Required work -> In your copy, leave out the pictures; write out all the data exactly.

Data records ->

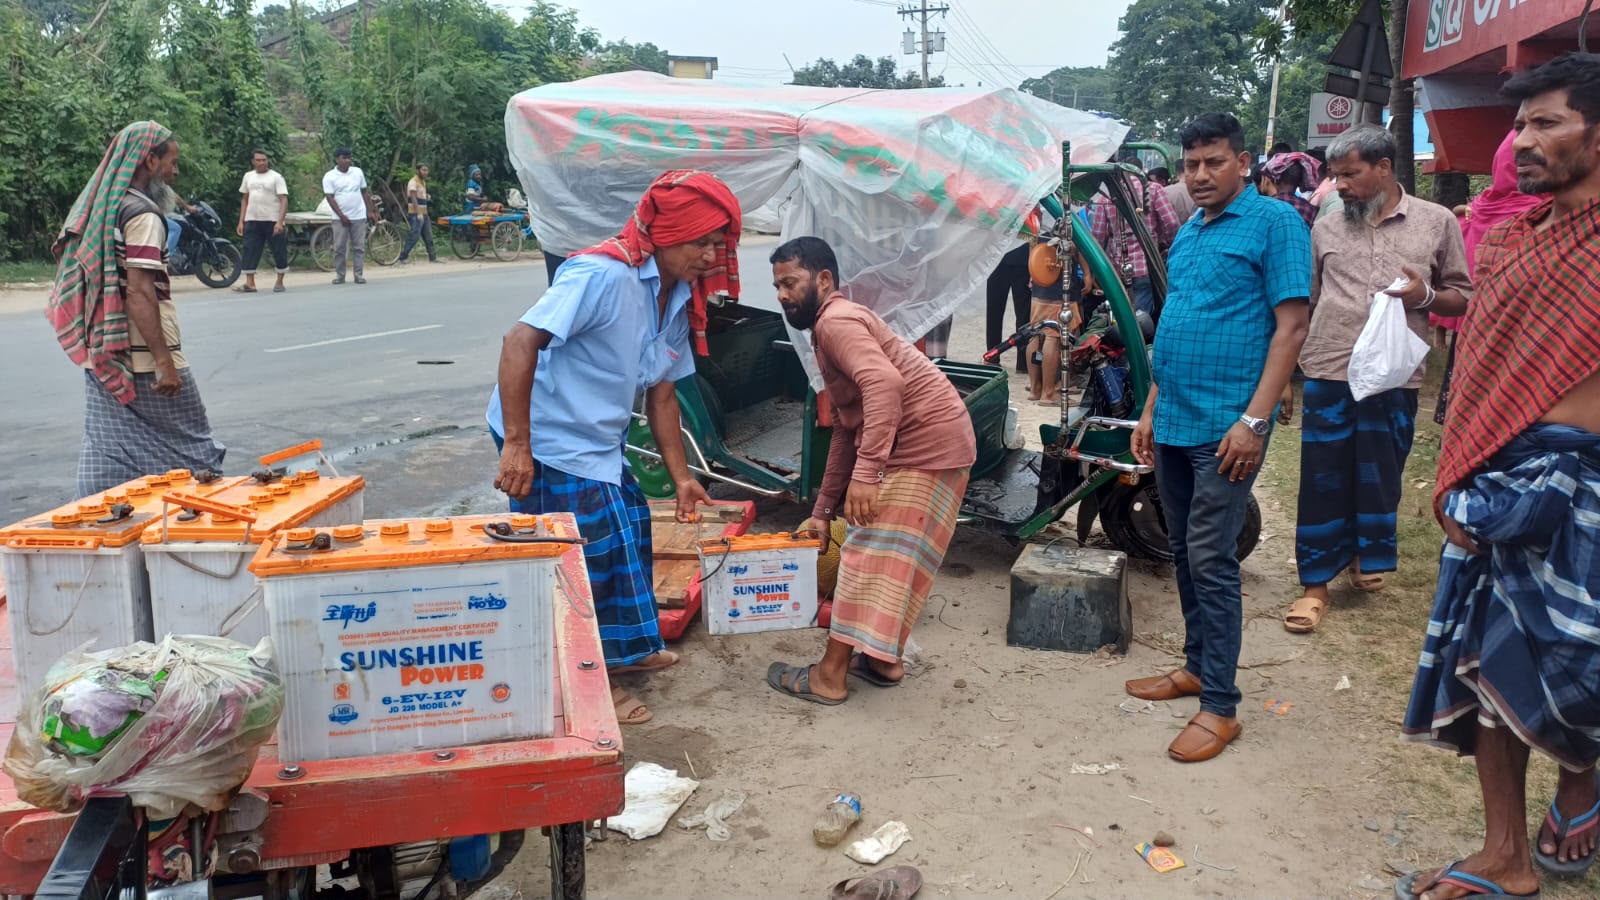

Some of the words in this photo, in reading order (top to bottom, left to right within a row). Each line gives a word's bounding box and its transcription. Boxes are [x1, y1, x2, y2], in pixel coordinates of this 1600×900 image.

[733, 584, 789, 595] SUNSHINE
[757, 593, 790, 602] POWER
[341, 641, 483, 671] SUNSHINE
[401, 664, 484, 686] POWER
[419, 702, 448, 711] MODEL

Completed task ->
Some of the words in this photo, in reading order (top to bottom, left to right within a row). Each line gives a word's bounding box and its transcription. Boxes are [x1, y1, x2, y2], in pixel coordinates of this 1600×900 image.

[733, 584, 789, 595] SUNSHINE
[757, 593, 790, 602] POWER
[341, 641, 483, 671] SUNSHINE
[401, 664, 484, 686] POWER
[419, 702, 448, 711] MODEL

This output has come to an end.